PROBLEM REQUIREMENTS:
Write the records out once more, so that nothing differs from the original.
### RECORDS TO USE ###
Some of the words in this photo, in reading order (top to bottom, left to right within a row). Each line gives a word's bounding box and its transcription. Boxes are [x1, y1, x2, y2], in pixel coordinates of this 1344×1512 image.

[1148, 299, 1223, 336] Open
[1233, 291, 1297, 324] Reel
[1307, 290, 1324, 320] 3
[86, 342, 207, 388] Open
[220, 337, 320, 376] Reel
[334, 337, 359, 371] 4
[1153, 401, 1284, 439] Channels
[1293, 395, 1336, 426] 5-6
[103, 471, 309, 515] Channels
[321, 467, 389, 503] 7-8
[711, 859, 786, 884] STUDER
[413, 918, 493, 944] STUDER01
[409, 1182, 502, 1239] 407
###
COMPLETED EXERCISE:
Some of the words in this photo, in reading order (top to bottom, left to right within a row). Each line gives a word's bounding box and its transcription. Boxes are [x1, y1, x2, y2], in pixel coordinates of this 1344×1512 image.

[1148, 299, 1223, 336] Open
[1233, 291, 1297, 324] Reel
[1307, 290, 1324, 320] 3
[86, 342, 207, 388] Open
[220, 337, 320, 376] Reel
[334, 337, 359, 371] 4
[1153, 401, 1284, 439] Channels
[1293, 395, 1336, 426] 5-6
[103, 471, 309, 515] Channels
[321, 467, 389, 503] 7-8
[711, 859, 786, 884] STUDER
[413, 918, 493, 944] STUDER01
[409, 1182, 502, 1239] 407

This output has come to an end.